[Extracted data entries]
- - - - -

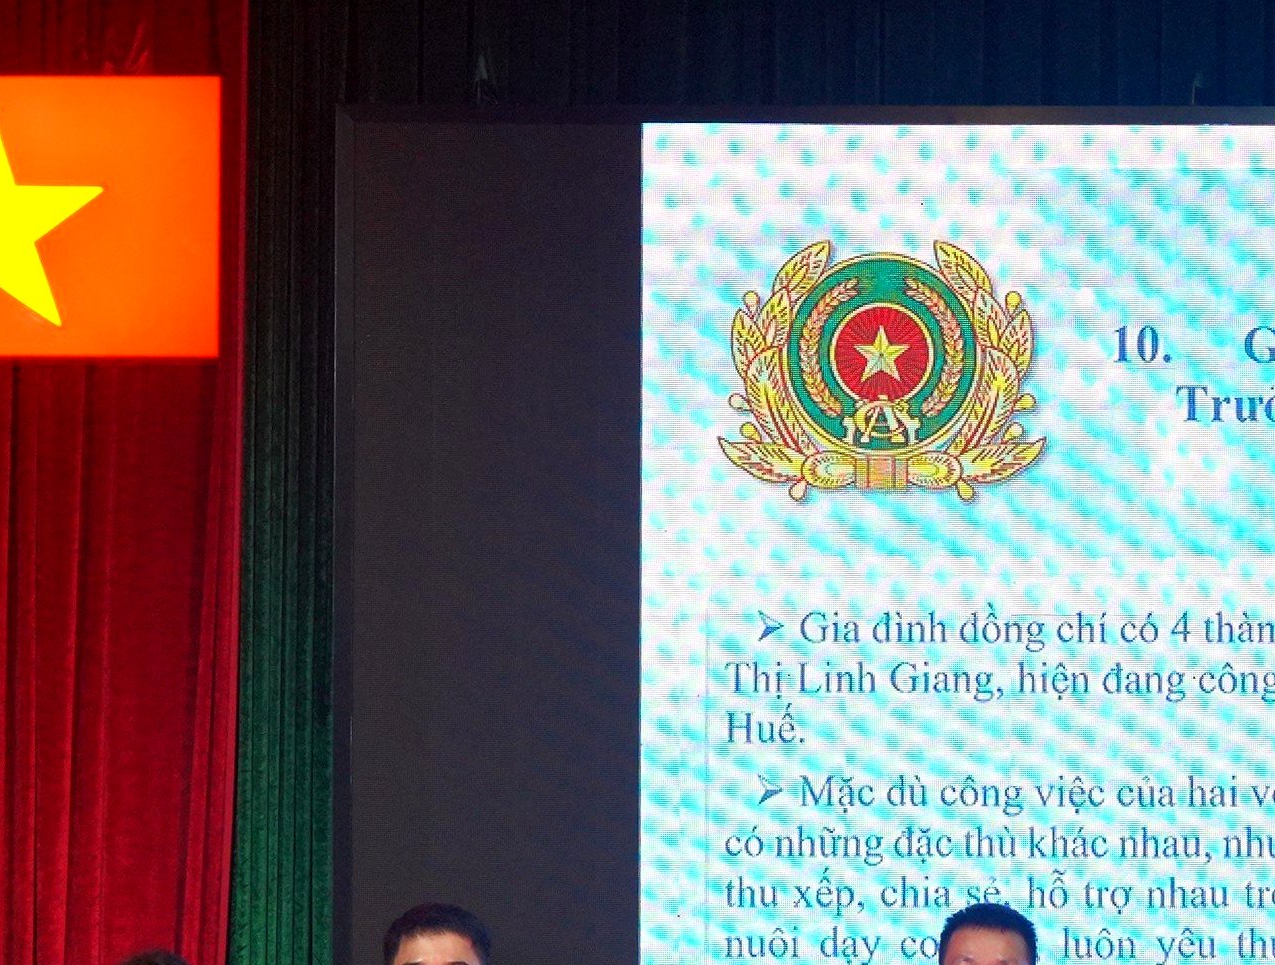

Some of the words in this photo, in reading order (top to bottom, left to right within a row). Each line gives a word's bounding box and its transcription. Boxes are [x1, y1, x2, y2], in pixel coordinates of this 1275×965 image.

[1113, 325, 1172, 364] 10.
[800, 611, 861, 644] Gia
[872, 610, 948, 644] đình
[1056, 611, 1107, 644] chí
[1120, 611, 1160, 644] có
[1170, 612, 1191, 643] 4
[725, 661, 784, 700] Thị
[797, 661, 877, 694] Linh
[890, 661, 1005, 702] Giang,
[1017, 661, 1090, 701] hiện
[1102, 662, 1186, 702] đang
[725, 703, 805, 745] Huế.
[800, 774, 876, 814] Mặc
[886, 775, 928, 808] dù
[940, 776, 1024, 816] công
[1036, 776, 1106, 815] việc
[1116, 775, 1176, 808] của
[1188, 776, 1238, 810] hai
[725, 825, 764, 859] có
[774, 825, 885, 867] những
[893, 826, 953, 865] đặc
[963, 826, 1017, 859] thù
[1027, 826, 1109, 859] khác
[1119, 826, 1212, 864] nhau,
[725, 876, 779, 908] thu
[793, 870, 865, 917] xếp,
[880, 876, 952, 908] chia
[1027, 868, 1070, 908] hỗ
[1084, 883, 1130, 916] trợ
[1146, 877, 1230, 909] nhau
[725, 927, 800, 960] nuôi
[900, 936, 938, 960] co
[1063, 927, 1136, 960] luôn

- - - - -

Problem statement: Pictures stay out; reproduce every line of the records exactly.

Solution:
Some of the words in this photo, in reading order (top to bottom, left to right within a row). Each line gives a word's bounding box and its transcription. Boxes are [x1, y1, x2, y2], in pixel coordinates of this 1275×965 image.

[1113, 325, 1172, 364] 10.
[800, 611, 861, 644] Gia
[872, 610, 948, 644] đình
[1056, 611, 1107, 644] chí
[1120, 611, 1160, 644] có
[1170, 612, 1191, 643] 4
[725, 661, 784, 700] Thị
[797, 661, 877, 694] Linh
[890, 661, 1005, 702] Giang,
[1017, 661, 1090, 701] hiện
[1102, 662, 1186, 702] đang
[725, 703, 805, 745] Huế.
[800, 774, 876, 814] Mặc
[886, 775, 928, 808] dù
[940, 776, 1024, 816] công
[1036, 776, 1106, 815] việc
[1116, 775, 1176, 808] của
[1188, 776, 1238, 810] hai
[725, 825, 764, 859] có
[774, 825, 885, 867] những
[893, 826, 953, 865] đặc
[963, 826, 1017, 859] thù
[1027, 826, 1109, 859] khác
[1119, 826, 1212, 864] nhau,
[725, 876, 779, 908] thu
[793, 870, 865, 917] xếp,
[880, 876, 952, 908] chia
[1027, 868, 1070, 908] hỗ
[1084, 883, 1130, 916] trợ
[1146, 877, 1230, 909] nhau
[725, 927, 800, 960] nuôi
[900, 936, 938, 960] co
[1063, 927, 1136, 960] luôn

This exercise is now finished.